Estaban todos en la playa: Héctor, Raquel, Oriol, Lucas, Paula y Sam. Eran las 6 y media de la mañana y habían estado allí toda la noche. Habían encendido una hoguera, habían cantado las canciones más chorras del mundo y habían bailado hasta que sus pies no respondieron más. Típica noche de playa de unos adolescentes cualquieras aprovechando los últimos rayos de sol del infinito Agosto. Todos estuvieron de acuerdo con Sam, la que propuso la idea, pero, al fin y al cabo, lo hacían sólo por ella: quería ver un amanecer en compañía de los que la querían. Al amanecer, Paula y Oriol estaban dormidos en las pocas toallas que habían traído; Raquel, Héctor y Lucas disfrutaban de las cálidas olas que los arrastraban hasta la orilla. Sam se sentó junto a la hoguera ya apagada y contempló a sus amigos divertirse con las olas. Se le escapó una sonrisa. Entonces Lucas se giró; sonrió él también. Quedaban cinco minutos para que el sol saliera de su escondite y Sam quería tener a Lucas a su lado. Como si le hubiera leído el pensamiento, Lucas salió del agua y se aproximó con paso vacilante hacia ella. Estaba mojado y en cuanto Sam se despistó, él se abalanzó sobre ella.
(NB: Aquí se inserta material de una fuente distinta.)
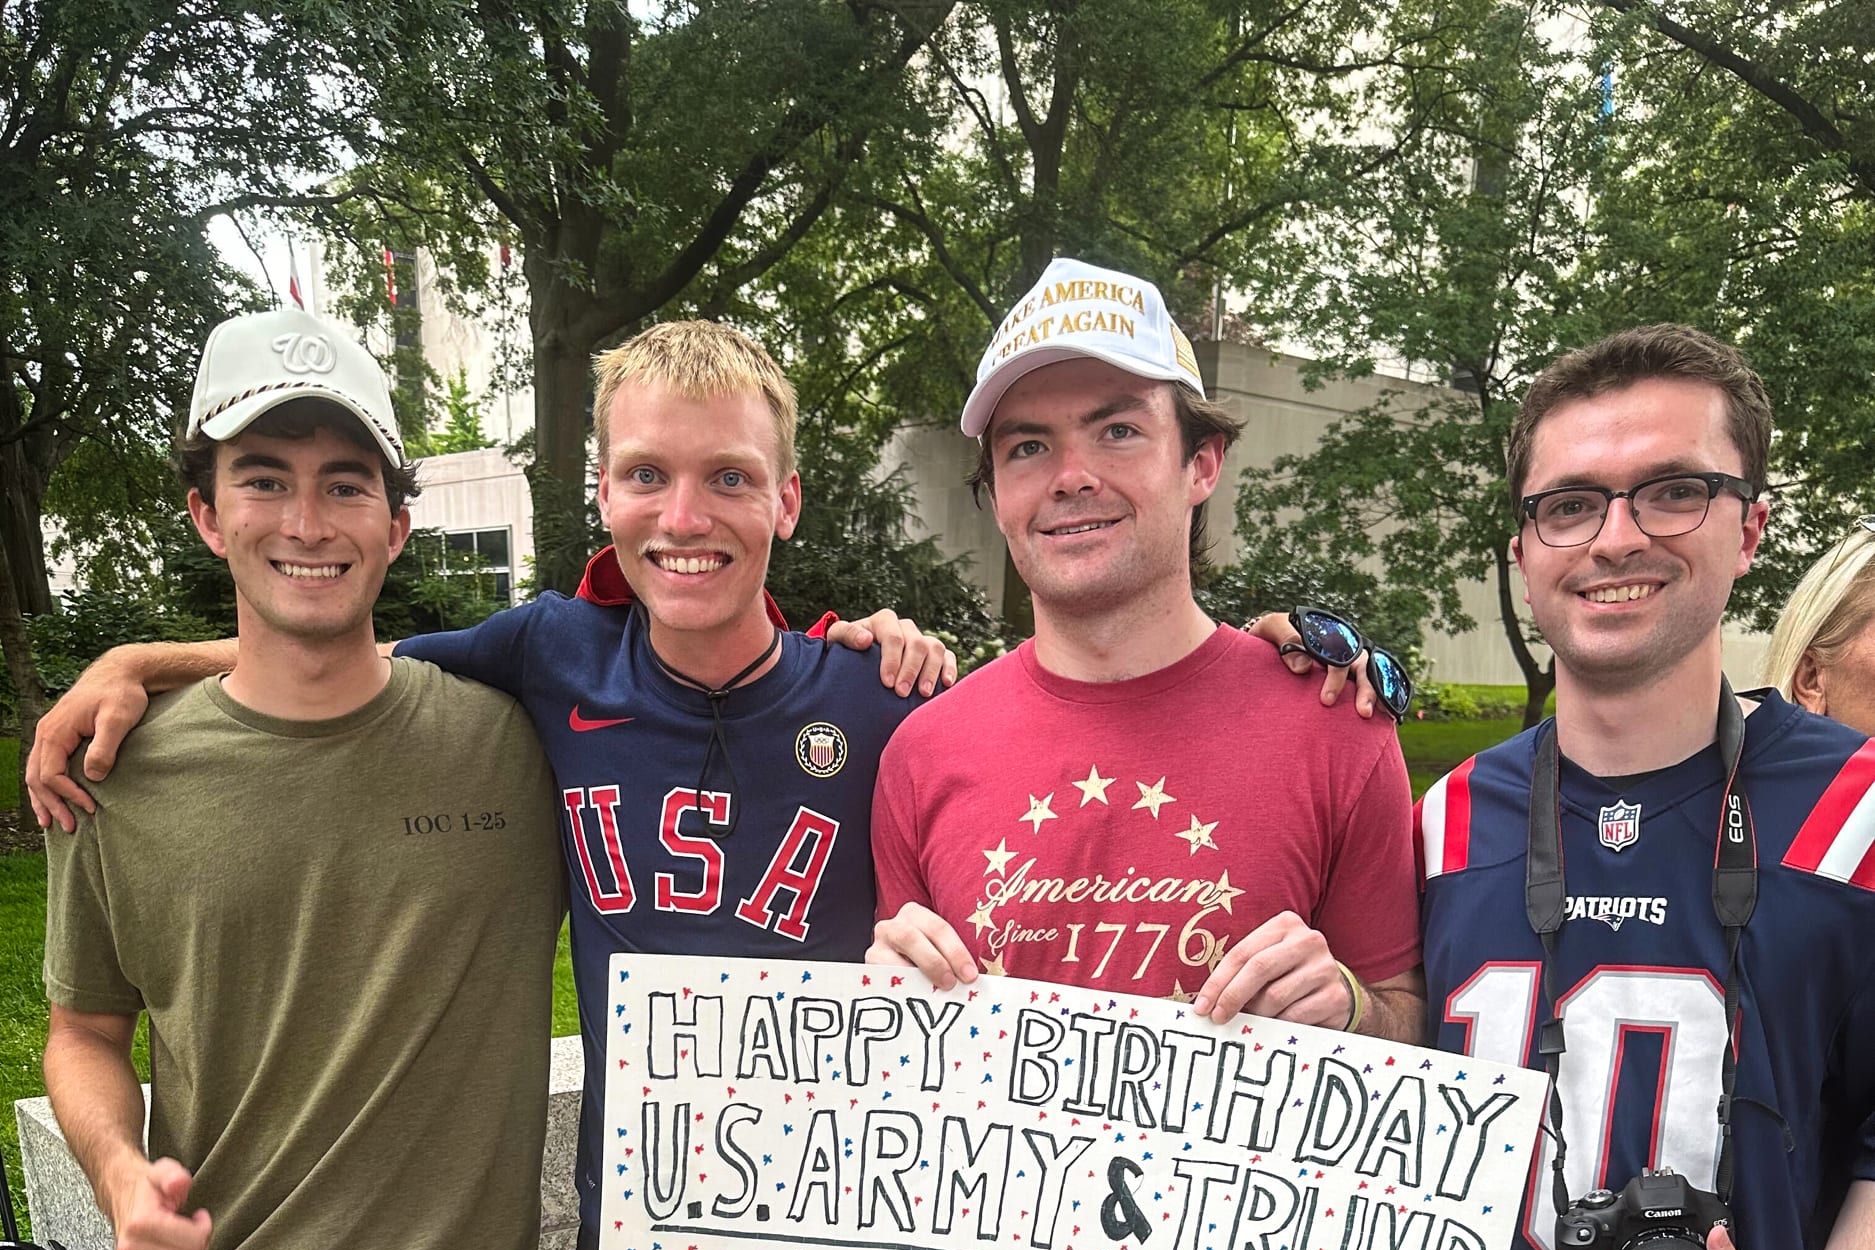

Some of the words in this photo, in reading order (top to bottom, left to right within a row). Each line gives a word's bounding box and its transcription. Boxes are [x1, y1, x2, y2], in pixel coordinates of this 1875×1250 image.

[1040, 279, 1146, 316] AMERICA
[1058, 310, 1136, 340] AGAIN
[402, 814, 452, 836] IOC
[461, 811, 506, 832] 1-25
[1604, 821, 1633, 843] NFL
[1728, 794, 1744, 843] EOS
[562, 784, 842, 944] USA
[977, 857, 1226, 912] American
[1564, 896, 1668, 926] PATRIOTS
[987, 919, 1059, 956] Since
[1061, 905, 1220, 980] 1776
[648, 991, 965, 1092] HAPPY
[1008, 1008, 1520, 1201] BIRTHDAY
[1100, 1156, 1153, 1244] &
[1644, 1208, 1682, 1218] Canon
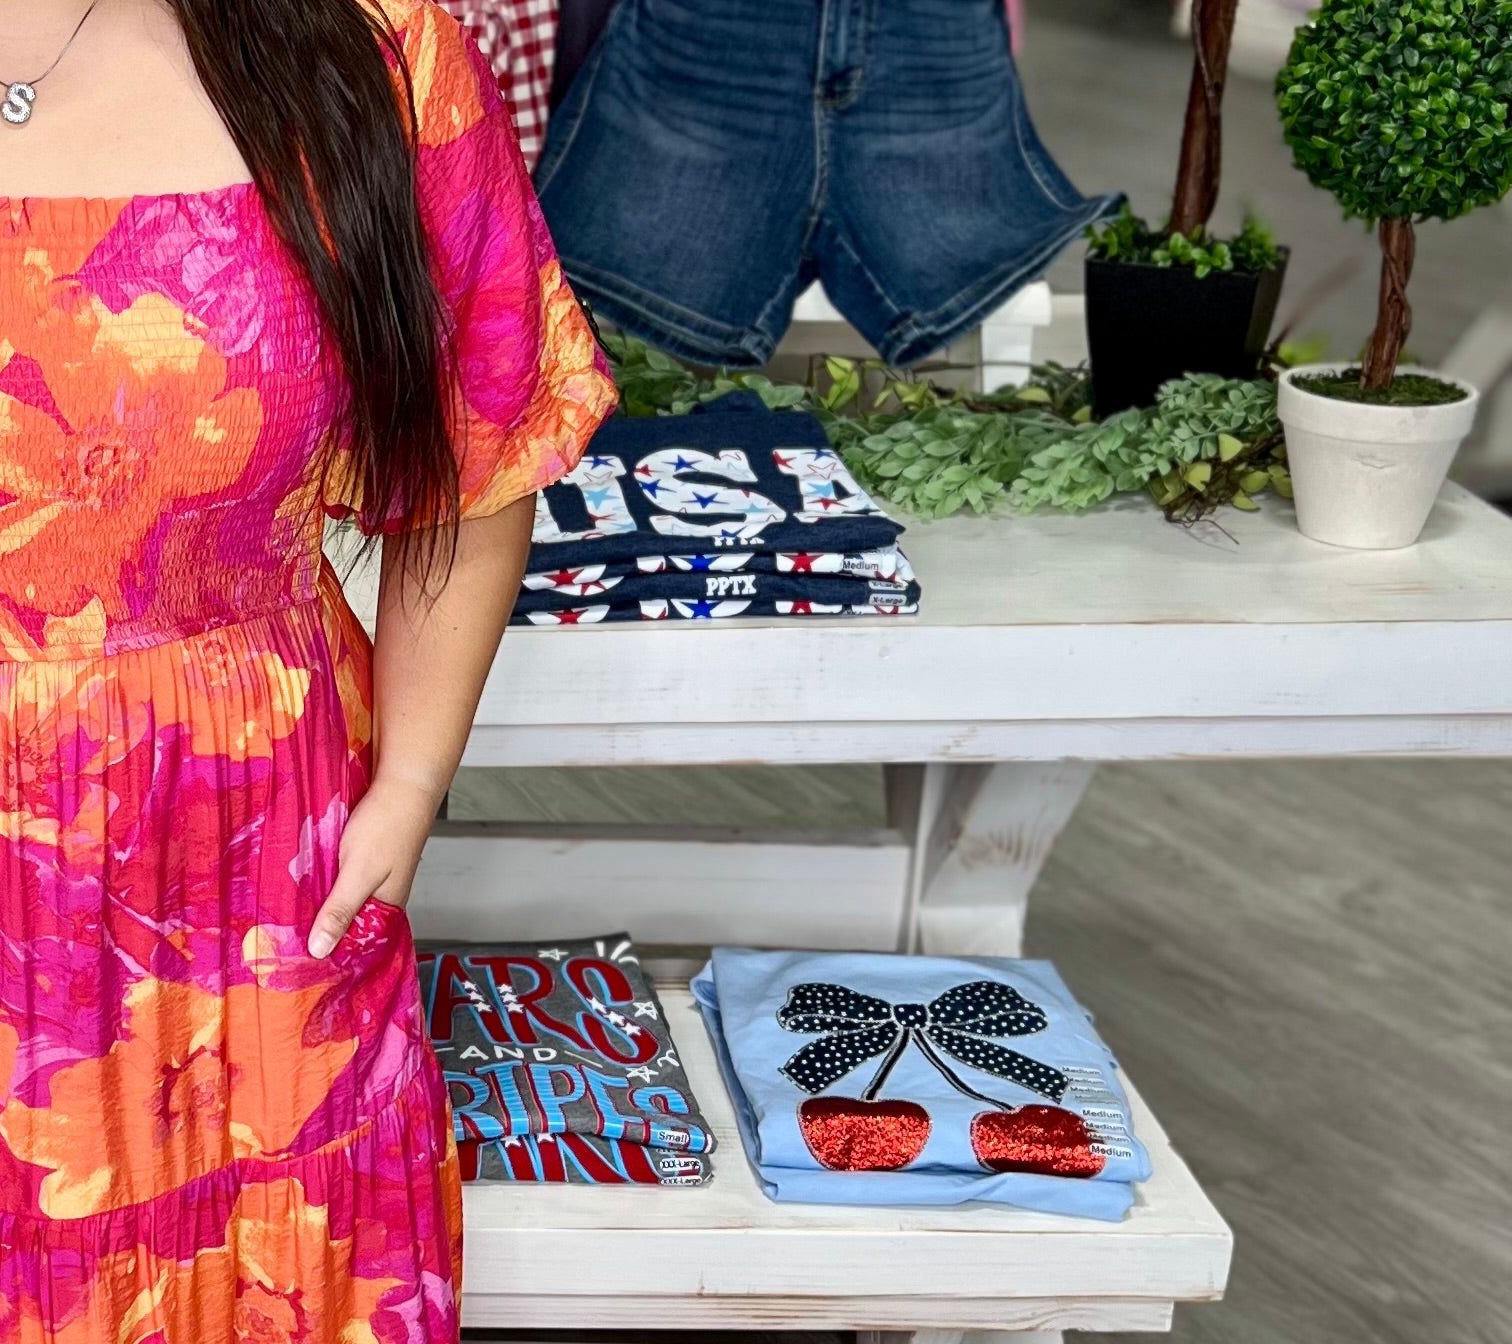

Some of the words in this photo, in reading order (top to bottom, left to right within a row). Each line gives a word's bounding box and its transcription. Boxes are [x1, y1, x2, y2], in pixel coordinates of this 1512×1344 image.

[842, 560, 879, 571] Medium
[705, 574, 757, 597] PPTX
[459, 1045, 557, 1061] AND
[1082, 1108, 1123, 1119] Medium
[658, 1130, 688, 1142] Small
[1091, 1145, 1132, 1158] Medium
-¡No, no, para! ¡Para de hacerme cosquillas! –intentó decir ella mientras se reía a carcajadas, como nunca había reído.
A pesar de que él la hubiera liberado ella seguía riendo. Se sentía feliz: por estar con él y por esa noche a la luz de la luna. Miró al frente y su expresión cambió radicalmente. El sol estaba saliendo. Respiró con dificultad por unos instantes: era el primer amanecer que veía sin su padre. El sol salió por completo. Su sonrisa iluminó el alba. Lucas se quedó fascinado: por el gran e impotente sol delante de él y por la enorme sonrisa de Sam.
-Es precioso, ¿no crees? –dijo Sam aún con esa sonrisa en su boca. No podía ocultar la emoción.
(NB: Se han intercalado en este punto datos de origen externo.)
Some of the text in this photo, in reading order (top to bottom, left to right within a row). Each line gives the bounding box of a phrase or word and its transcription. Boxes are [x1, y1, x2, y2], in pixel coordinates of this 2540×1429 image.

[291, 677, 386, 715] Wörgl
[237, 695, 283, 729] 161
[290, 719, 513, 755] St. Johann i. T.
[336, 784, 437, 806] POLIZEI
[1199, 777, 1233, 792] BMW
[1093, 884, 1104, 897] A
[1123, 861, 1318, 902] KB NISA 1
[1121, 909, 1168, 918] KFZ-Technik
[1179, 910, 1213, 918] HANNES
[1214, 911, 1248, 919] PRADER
-Sí… Es impresionante, pero no sólo eso –señaló al impotente sol –sino la manera en la que sonríes.
-Ahora mismo soy feliz, ¿tú no?imposible era quitarle la sonrisa.
-Yo sí pero ¿por qué tiene que ser ahora mismo? ¿Por qué no puede ser para siempre? –Sam hizo ademán de contestarle pero Lucas la cortó –Sé que tu padre no está bien, que has suspendido 4, que Sandra ya no está. Sé que tú no estás bien. Y aún así sigues sonriendo. O una cosa o la otra Sam, no puedes estar siempre en el medio.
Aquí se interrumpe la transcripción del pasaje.